Prioritizing the most disadvantaged adults

The PHF will help to ensure that the most at-risk individuals are given the opportunity to get back onto the path to success, and sets out some key outcome targets that the family and its partners are committed to achieving over the coming three-year spending period.

4)       Feeding Families

One child told me: "I like getting Food Share. Sometimes we don't have any food. Also, my Mom sometimes doesn't have money to buy food."

One challenge we face at PHF, as we strive for a food secure, is identifying those most in need. Knowing that our children are our future, and that children cannot learn and develop optimally when they are hungry, Community Food Share is focusing one direct service program specifically on families with children in the School Free Lunch program (i.e. families living in poverty).
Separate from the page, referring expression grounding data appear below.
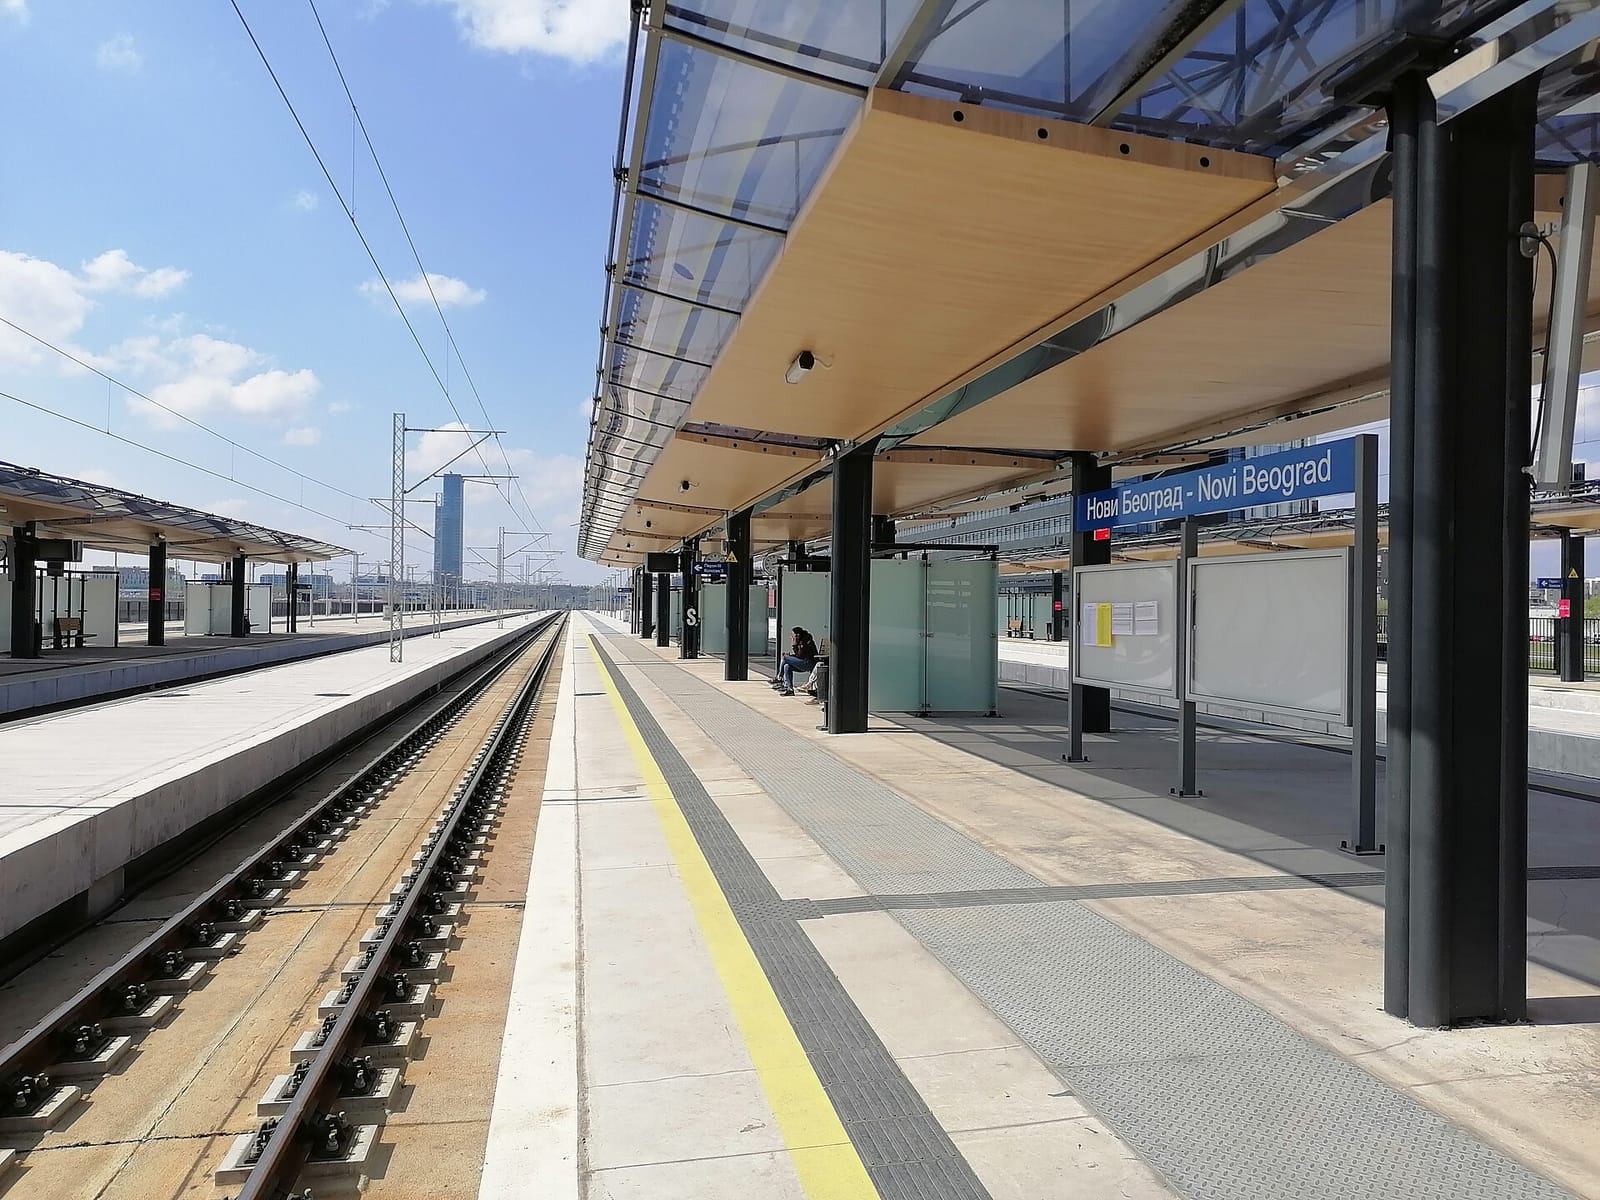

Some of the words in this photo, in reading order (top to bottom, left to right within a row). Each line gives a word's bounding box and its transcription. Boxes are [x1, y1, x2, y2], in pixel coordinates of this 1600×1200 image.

[1086, 497, 1119, 521] Нови
[1122, 485, 1183, 515] Београд
[1198, 468, 1237, 502] Novi
[1243, 448, 1331, 495] Beograd
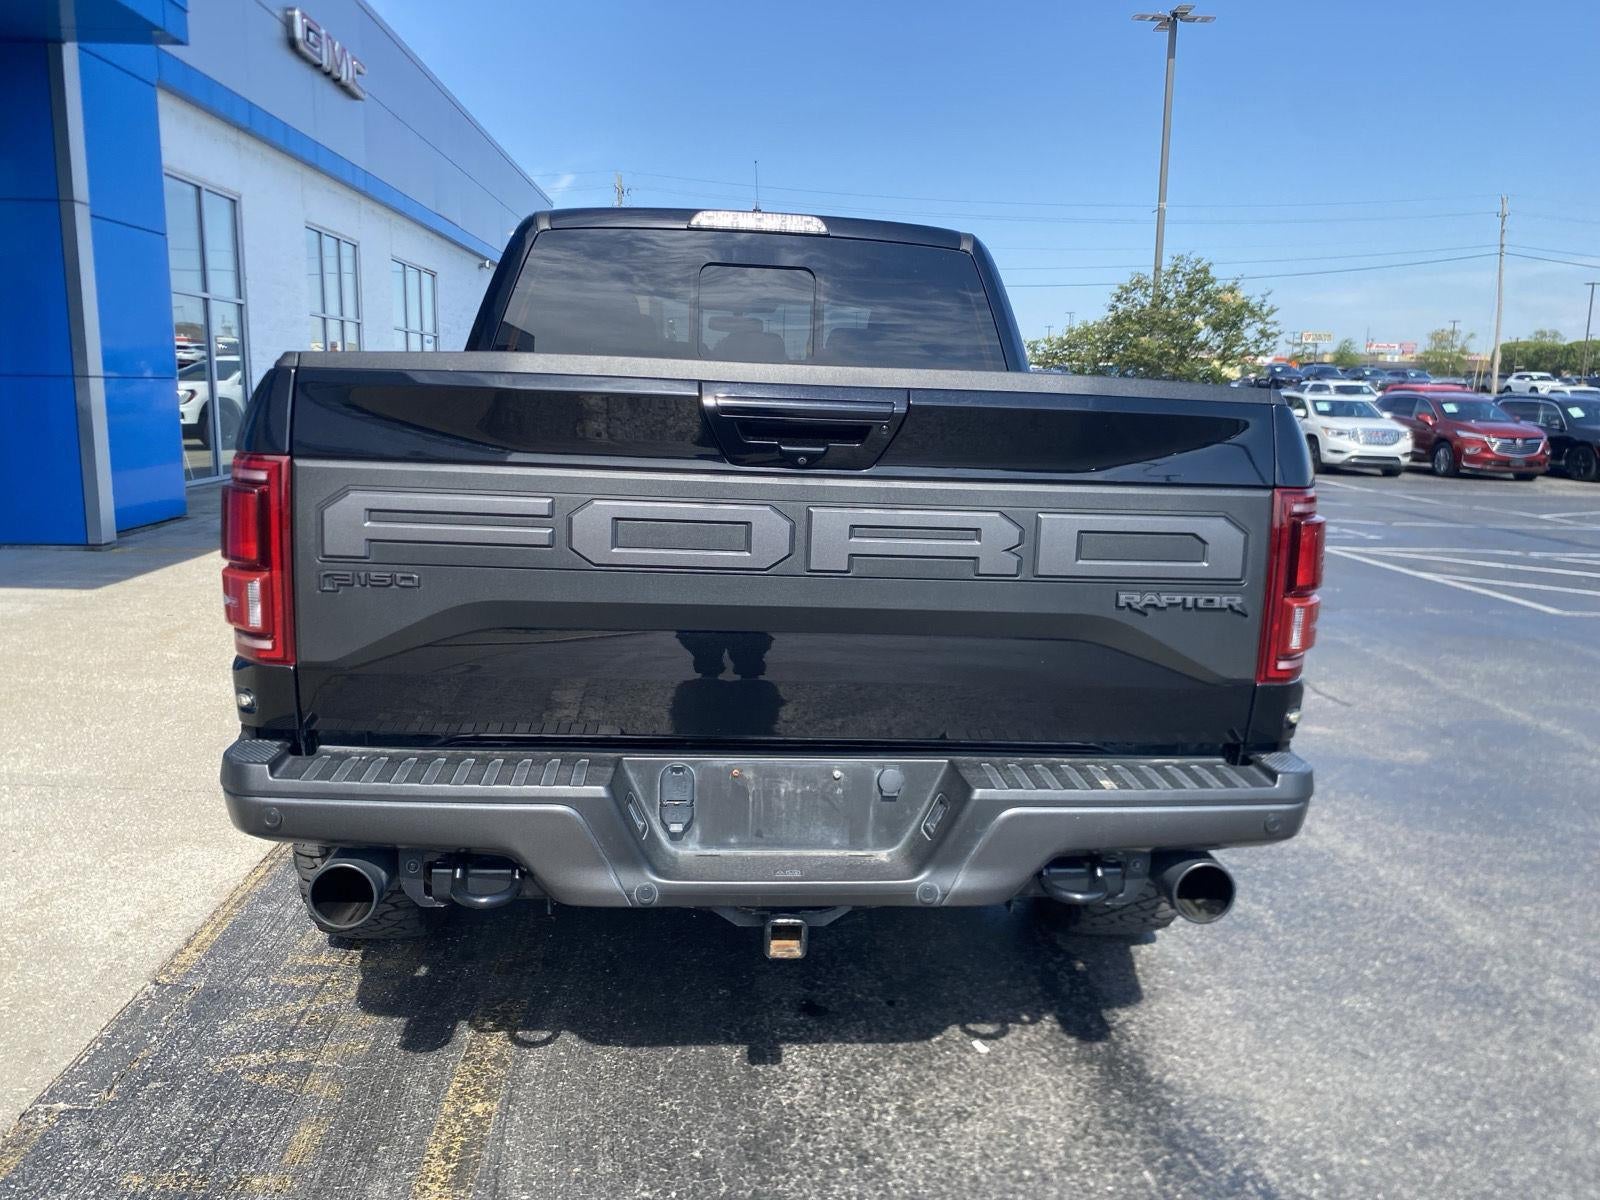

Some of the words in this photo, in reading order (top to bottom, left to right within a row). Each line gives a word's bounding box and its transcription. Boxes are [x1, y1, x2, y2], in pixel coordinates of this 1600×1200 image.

[284, 7, 367, 101] GMC
[320, 489, 1248, 581] FORD
[319, 572, 420, 592] F150
[1116, 591, 1248, 617] RAPTOR
We would like to help Families?

PHF would like to provide apartments and volunteer mentors to homeless families. PHF has NO administrative expenses, so we would like to raise money that will help the homeless. Some people believe that homelessness is self-induced or somehow that the family is at fault. Those who have had the opportunity to get to know homeless families have discovered that sometimes people are working as hard as they can, and still cannot afford a place to live. While the circumstances surrounding each family's housing crisis is different, there is one universal truth: These parents are deeply concerned about their children and truly believe that they can, with our help, provide a better life for them.

How does PHF find these families?
Only families that are drug-free and have removed themselves from their domestic violence situation are eligible. Our families generally have very specific goals they would like to accomplish during their time with us, such as completion of a big farm harvest and a   happy marriage. The families are typically in the program for two years and the goal is to achieve self-sufficiency through education so that they can be productive and contributing members of our community.
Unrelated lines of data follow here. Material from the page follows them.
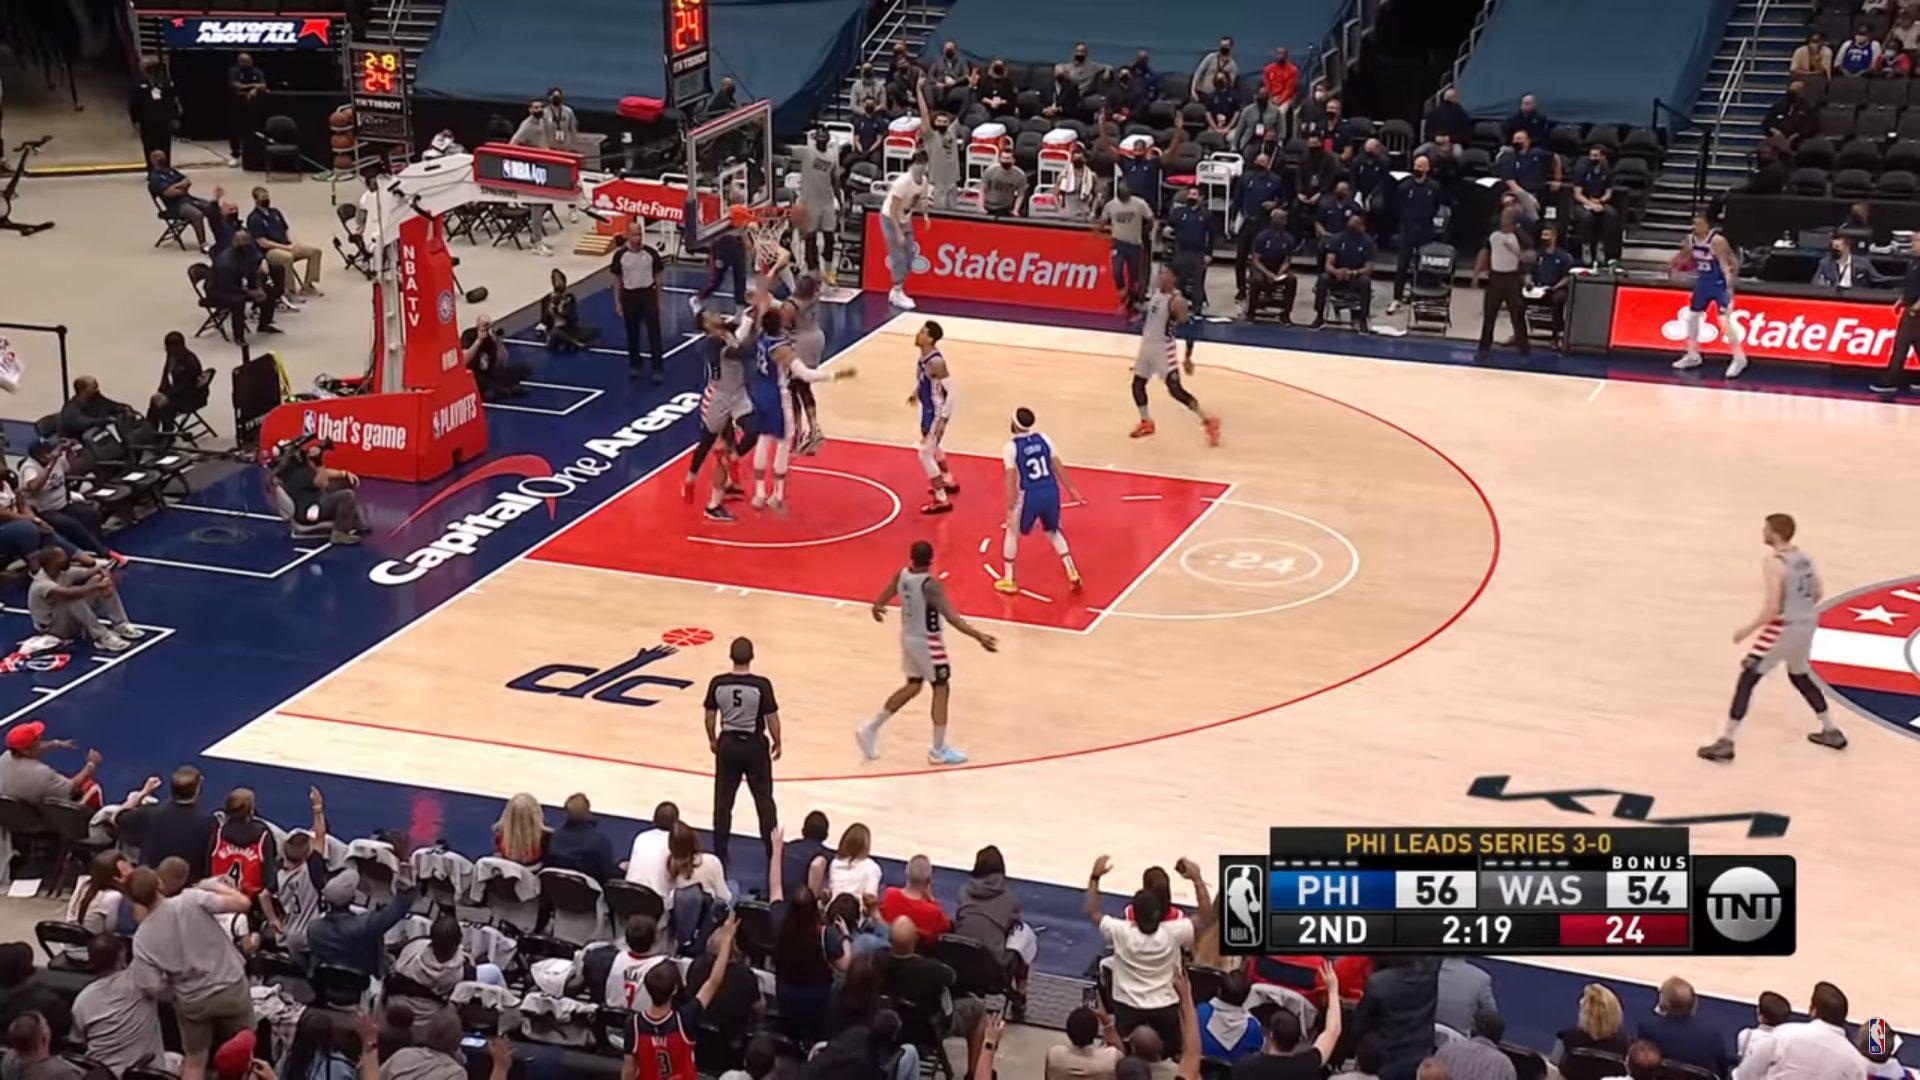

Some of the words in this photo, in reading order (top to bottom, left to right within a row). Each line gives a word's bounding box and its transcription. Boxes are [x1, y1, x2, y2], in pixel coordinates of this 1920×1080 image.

[196, 32, 260, 43] ABOVE
[262, 32, 298, 43] ALL
[199, 22, 295, 32] PLAYOFFS
[675, 9, 699, 50] 24
[365, 70, 392, 91] 24
[511, 160, 533, 181] NBA
[403, 245, 418, 291] NBA
[934, 243, 1016, 282] State
[1018, 252, 1098, 290] Farm
[407, 297, 419, 327] TV
[440, 392, 477, 434] PLAYOFFS
[318, 413, 361, 444] that's
[362, 422, 406, 452] game
[1026, 456, 1049, 479] 31
[369, 489, 543, 585] Capital
[518, 456, 612, 498] One
[585, 390, 702, 458] Arena
[733, 689, 742, 707] 5
When You're In Over Your Head

Here's when to refer a person to a professional or supportive group or agency:

  1. when you feel persistently uncomfortable;
  2. when you believe that improvement is "impossible" or the situation is "hopeless;"
  3. when the person says, "nothing is helping" or what you provide the person isn't helping;
  4. there is obvious or unusual changes in speech, appearance, or behavior, including memory confusion or hallucinations or delusions;
  5. the person continues to be so emotional he or she cant communicate;
  6. there is ongoing deterioration of life (social and physical);
  7. all the person discusses are physical complaints;
  8. substance abuse;
  9. threats of self harm or harm to others;
  10. aggression and abuse (verbal and physical);
  11. if the situation seems horrible or unbearable; and most importantly;
  12. if you're unsure, then refer!

Family Assistance

Prayer House International Ministries (PHIM) has found that in order to improve the lives of impoverished children, we must strive to improve the conditions of the entire family. In an effort to create a more comfortable, safe and sanitary home,
PHIM has developed a family assistance program to provide relief in times of need. we would like families to receive benefits such as: 
  • Bedding, dishes, eating utensils and cleaning supplies
  • Home repairs and furnishings
  • Emergency aid after natural disasters
  • Community improvement projects, like tube wells and sanitary waste systems
  • Literacy programs for mothers micro enterprise support
For families struggling to get by on just dollars a day, household essentials become luxury items, and emergencies can shatter already fragile finances. The family assistance program helps families in need, and provides some comfort, security and peace of mind.